House Republicans hosted Jewish students from four of America's elite colleges for a press conference Tuesday, where they described a climate of anti-Semitism on their campuses.
"As a student, despite what my university says, I do not feel safe," said University of Pennsylvania senior Eyal Yakoby. "Let me be clear: I do not feel safe."
Yakoby described several incidents on campus since Hamas's Oct. 7 attacks. They included "a bomb threat against Hillel, a swastika spray-painted, the Hillel and Chabad houses vandalized, a professor posting an armed wing of Hamas's logo on Facebook, a Jewish student accosted, 'Jews are Nazis' etched adjacent to Penn's Jewish fraternity house."
He also referenced a Dec. 3 protest that saw participants vandalize school property with graffiti calling for an "intifada" and chant in Arabic, "From water to water, Palestine will be Arab."
Three Jewish students from other top schools joined Yakoby at the press conference.
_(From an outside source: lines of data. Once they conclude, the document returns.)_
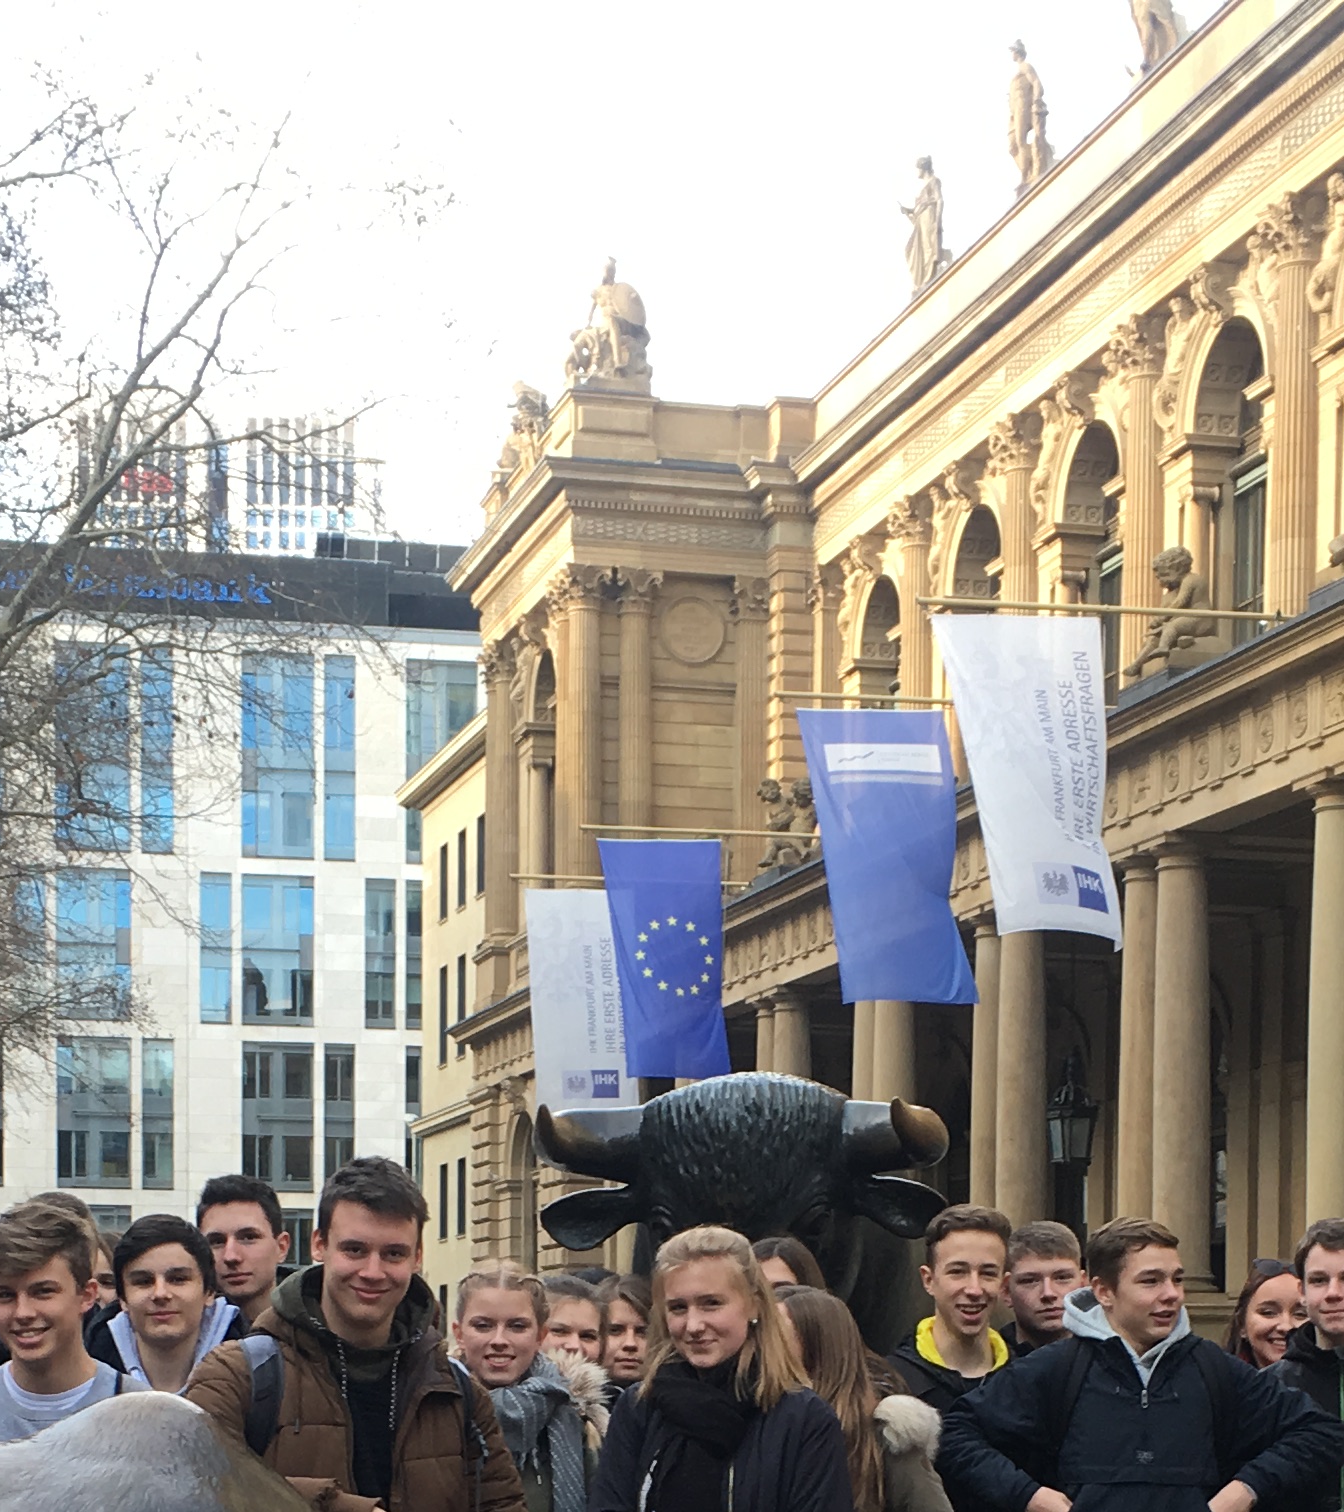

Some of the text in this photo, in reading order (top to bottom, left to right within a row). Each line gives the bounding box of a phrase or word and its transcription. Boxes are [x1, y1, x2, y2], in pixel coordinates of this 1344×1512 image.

[1034, 689, 1065, 821] FRANKFURT AM MAIN
[1057, 680, 1081, 753] ADRESSE
[1072, 651, 1099, 834] WIRTSCHAFTSFRAGEN
[1070, 756, 1085, 809] ERSTE
[1077, 873, 1104, 894] IHK
[583, 944, 597, 1054] IHK FRANKFURT AM MAIN
[599, 937, 616, 1054] IHRE ERSTE ADRESSE
[594, 1073, 618, 1085] IHK
Massachusetts Institute of Technology graduate student Talia Khan, the president of the school's Israel Alliance, complained that she was "immersed in an extremely toxic anti-Semitic atmosphere."
"For my part," she said, "I was forced to leave my study group for my doctoral exams halfway through the semester because my group members told me that the people at the Nova music festival deserved to die because they were partying on stolen land."
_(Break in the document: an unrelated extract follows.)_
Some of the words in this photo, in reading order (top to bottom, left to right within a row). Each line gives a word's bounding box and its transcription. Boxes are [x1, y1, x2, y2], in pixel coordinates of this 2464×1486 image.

She also said that the school's interfaith chaplain publicly threatened Jewish students; that diversity, equity, and inclusion staff claimed Israel has no right to exist; and that faculty told students that if they are scared they should "just go back to Israel."
New York University student Bella Ingber spoke about "being a Jew at NYU" and compared conditions at the school to those in Nazi Germany.
"Since Oct. 7," Ingber said, "the unmistakable anti-Semitism that I have experienced on campus is reminiscent of the Jew-hatred I've heard about from my grandparents, Holocaust survivors who experienced first-hand the deafening silence of their neighbors in Poland and Germany when the Nazis first rose to power."
Ingber added that she has heard calls to "gas the Jews" and was told "Hitler was right." She also claimed that a person physically assaulted her in a library while she wore an American-Israeli flag.
Harvard Law School student Jonathan Frieden described the fear that many Jewish students feel.
"I talk to my Jewish friends on campus every day," he said. "They tell me how afraid they are to go to class. They share hate messages they are receiving from other students on social media, including comparing Jews to Nazis. And they ask us, and ask me, for safety advice because of the lack of effective communication from the university."
Frieden described an incident where pro-Palestinian protesters swarmed a law school building he was inside while they chanted slogans including "from the river to the sea" and "globalize the intifada." He witnessed Jewish students take off their yarmulkes and one student hide underneath a desk, he said.
All four students also lambasted their administrations, alleging that they have not properly addressed the anti-Semitic climate on campus.
College administrations across the country have come under fire for their responses in the wake of Hamas's Oct. 7 attacks. The presidents of Harvard, MIT, and Penn testified to the House Committee on Education and the Workforce about the state of their campuses after the press conference, where Republicans showed them footage of anti-Israel protests at their schools.